At 1:36 PM +0100 3/17/01, Oliver Fleischmann wrote:
> -----BEGIN PGP SIGNED MESSAGE-----
>
>> At 12:28 PM +0100 3/16/01, Oliver Fleischmann wrote:
>
>> > Mar 16 09:35:45 chlothar popper[24129]: ba3760 at
>> > p3E9E2005.dip.t-dialin.net (62.158.32.5): -ERR [IN-USE]
>> > /var/spool/mail/.ba3760.pop lock busy! Is another session active? (11)
>> >
>> > Now he can't log in any more:
>
>> > The qpopper-process (PID 24123) was still laying around at this time,
>> > as well as the .ba3760.pop - lock-file. Killing it with -HUP
>> does nothing,
>> > I need to use -TERM, which removes the process from the table, but
>> > doesn't clean up the lock file. So I have to clean up myself.
>> >
>> > We are experiencing this every now and then, and only with some
>> > users. But those few users trigger the problem almost every day. At
>> > least one of them used Microsoft Outlook (don't know which version).
>> >
>> > Do I need to go for another POP3 server software? Is there still any
>> > ongoing development for the free version of qpopper?
>
>> Next time it happens, can you get a trace of system calls on the hung
>> stack? This is done by running the system trace facility. This
>> differs depending on the flavor of Unix. On Solaris it is truss(1);
>> on Linux it is strace(1). Other platforms may have one of these or
>> something else. Usually a 'man -k trace' shows it. For example, on
>> Solaris, if the hung stack is pid 1234, use 'truss -p 1234 -o
>> truss-out'
>
> I did strace on a hanging qpopper-process in an very early state (still
> running as user root, so the user has not authenticated yet):
>
> read(0, 0xbfffd68c, 1) = ? ERESTARTSYS (To be restarted)
> - --- SIGHUP (Hangup) ---
> rt_sigaction(SIGHUP, {0x80505a0, [], SA_RESTART|0x4000000}, {0x80505a0, [],
> SA_RESTART|0x4000000}, 8) = 0
> rt_sigaction(SIGPIPE, {0x80505a0, [], SA_RESTART|0x4000000}, {0x80505a0, [],
> SA_RESTART|0x4000000}, 8) = 0
> sigreturn() = ? (mask now [ALRM])
> read(0, 0xbfffd68c, 1) = ? ERESTARTSYS (To be restarted)
> - --- SIGHUP (Hangup) ---
> rt_sigaction(SIGHUP, {0x80505a0, [], SA_RESTART|0x4000000}, {0x80505a0, [],
> SA_RESTART|0x4000000}, 8) = 0
> rt_sigaction(SIGPIPE, {0x80505a0, [], SA_RESTART|0x4000000}, {0x80505a0, [],
> SA_RESTART|0x4000000}, 8) = 0
> sigreturn() = ? (mask now [ALRM])
> read(0, 0xbfffd68c, 1) = ? ERESTARTSYS (To be restarted)
> - --- SIGTERM (Terminated) ---
>
> If I just do strace on the process, it sits in "read(0, " forever.
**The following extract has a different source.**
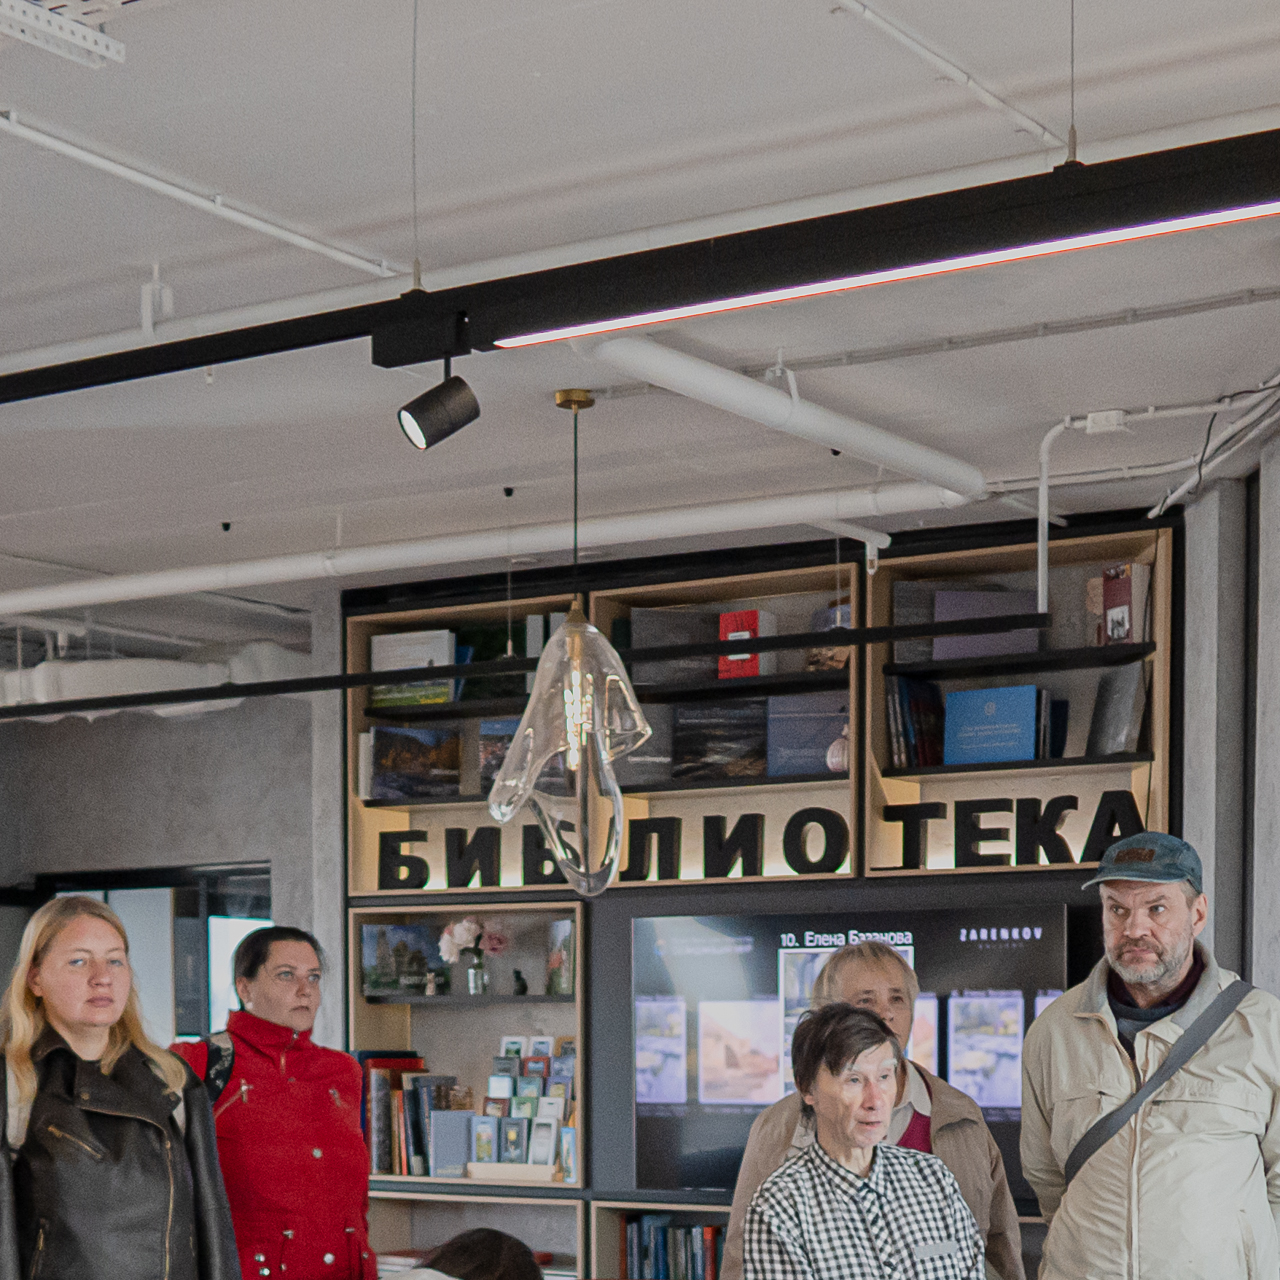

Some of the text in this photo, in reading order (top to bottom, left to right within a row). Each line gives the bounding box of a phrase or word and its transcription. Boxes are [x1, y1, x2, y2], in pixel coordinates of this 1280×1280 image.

I then
> did a "kill -HUP" for two times an finally a "kill" on the process while
> running strace.
I am confused. Are you running Qpopper in standalone mode? If not,
a HUP should cause it to clean up and go away. Also, if Qpopper is
waiting on user input then an strace(1) will of course show it
waiting on a 'read(0'. It should stay there until input arrives or
the timer expires.
>
> Processes hanging in a later state show the same strace output, as far as I
> remember.
What I'd like to see is the strace(1) for a process that has reported
the error and yet not gone away.
>
>> It would also be helpful to enable debug tracing in Qpopper.
>>
>> To enable tracing in Qpopper:
>>
>> 1. Do a 'make clean'
>> 2. Re-run ./configure, adding '--enable-debugging'.
>> 3. Edit the inetd.conf line for Qpopper, adding '-d' or '-t tracefile'.
>> 4. Send inetd a HUP signal.
>>
>> This causes detailed tracing to be written to the syslog (if you used
>> '-d') or to the file specified as 'tracefile'.
>
> I have a qpopper with debug compiled in running on a different port number
> and try to persuade the critical users to use that port.
That would be helpful, thank you.